Prima di iniziare a trattare l'argomento vorrei sottolineare che personalmente non giustifico nessun tipo di violenza, a prescindere che sia diretto verso una donna, un uomo, un bambino o un animale. Chiunque sia stato vittima di violenza fisica, emozionale o psicologica o anche solo spettatore conosce la differenza tra vivere una tale dolorosa esperienza e sentirne solamente parlare.

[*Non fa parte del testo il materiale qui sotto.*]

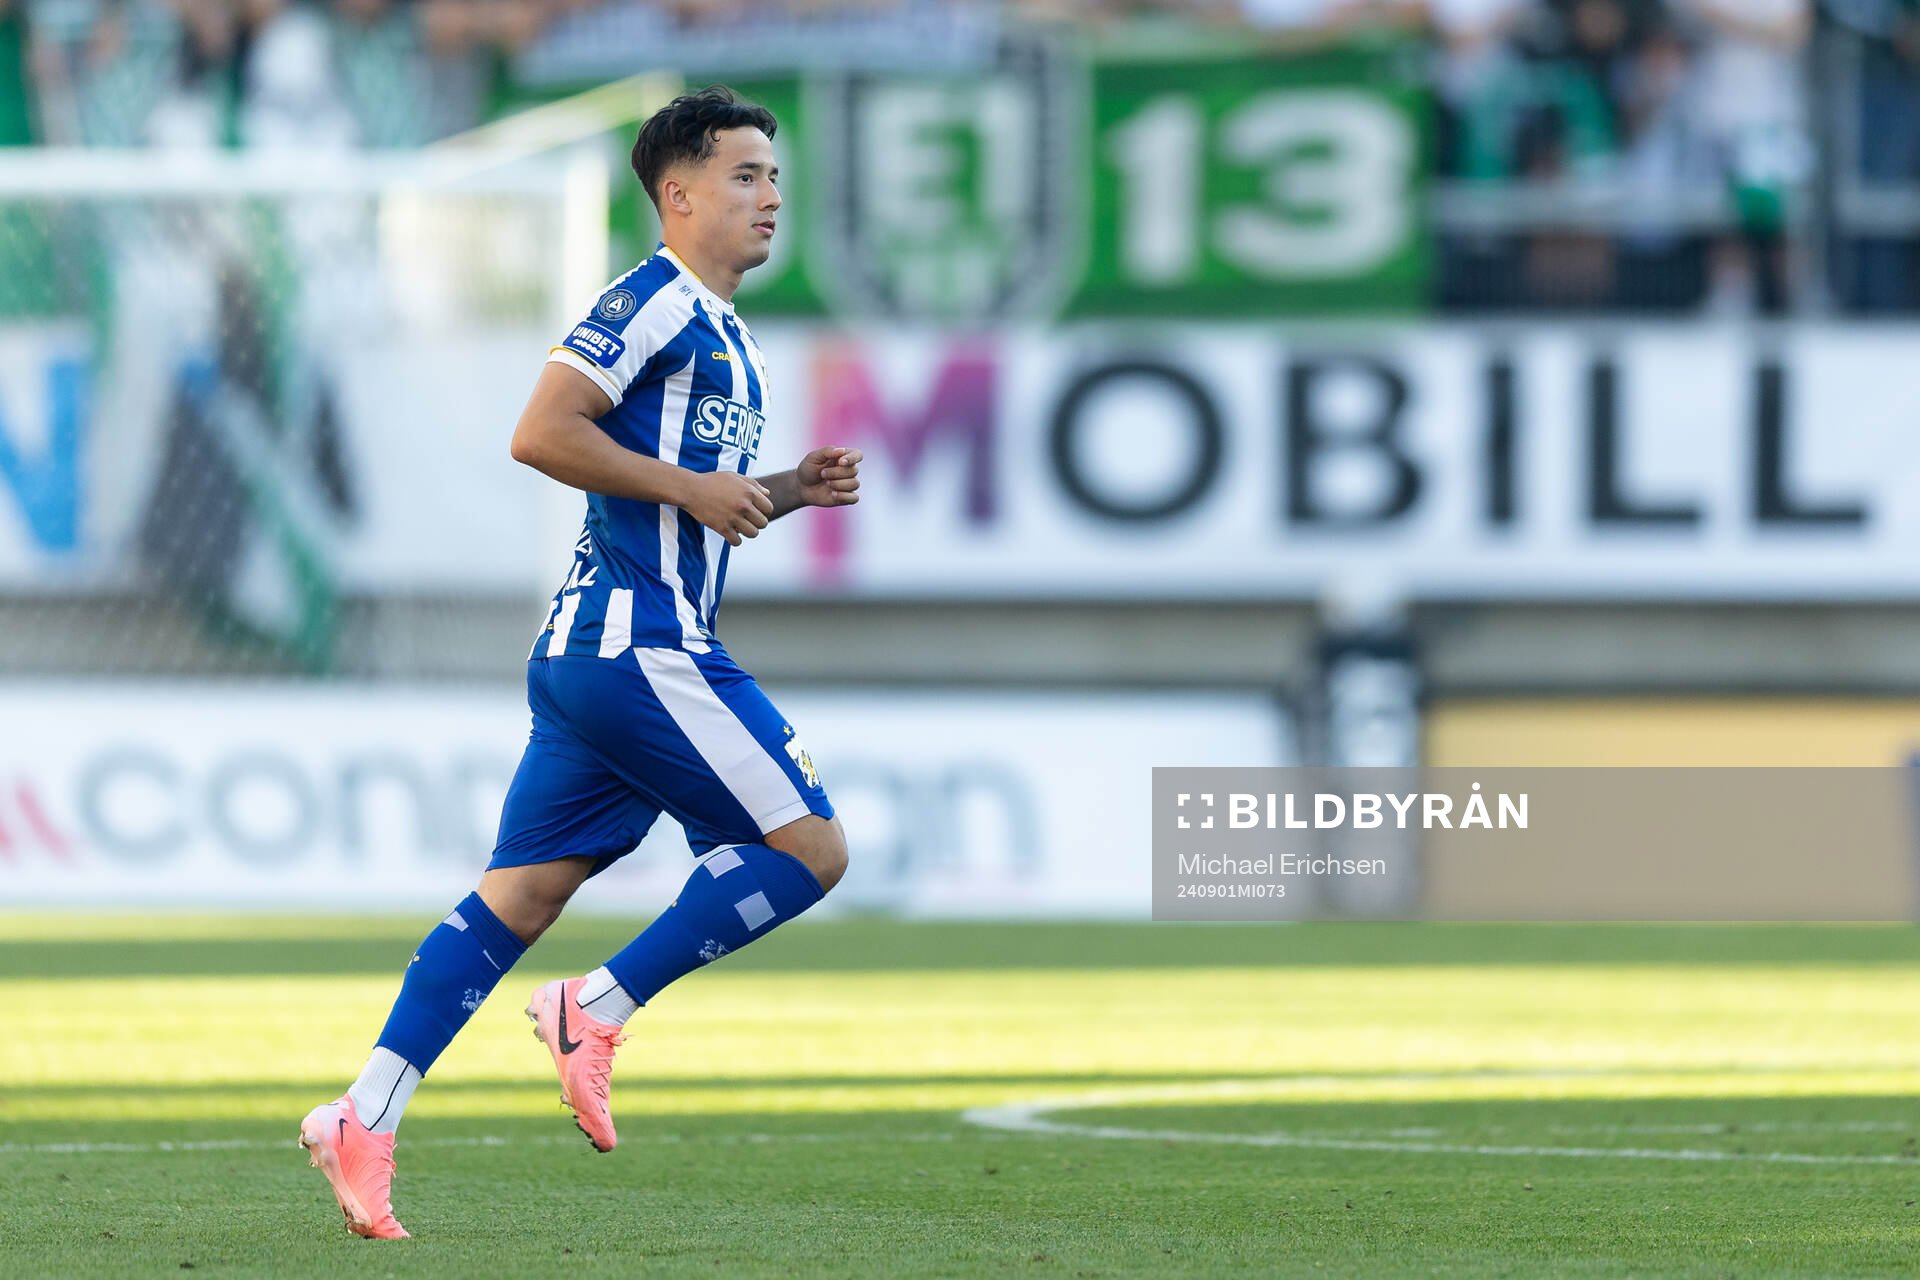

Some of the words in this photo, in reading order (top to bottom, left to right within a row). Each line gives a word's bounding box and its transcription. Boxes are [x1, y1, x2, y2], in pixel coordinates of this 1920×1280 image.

[1108, 92, 1416, 287] 13
[572, 326, 621, 356] UNIBET
[810, 345, 1870, 586] MOBILL

Nel numero 243 di Psicologia contemporanea, Mauro Fornaro ordinario di Psicologia dinamica all'Università di Chieti-Pesacara, psicologo e psicoterapeuta, ha scritto un interessante articolo dal titolo: "Femminicidio le motivazioni dell'uomo". Nell'articolo Fornaro mette in guardia le persone, e sopratutto chi studia il fenomeno, dalla facilità con cui si cade nel giudizio per ignoranza. Se è vero che non si può giustificare la violenza, compito di uno psicologo però non è giudicare, bensì "capire" le dinamiche psichiche che intervengono nei fenomeni sociali e spiegarle.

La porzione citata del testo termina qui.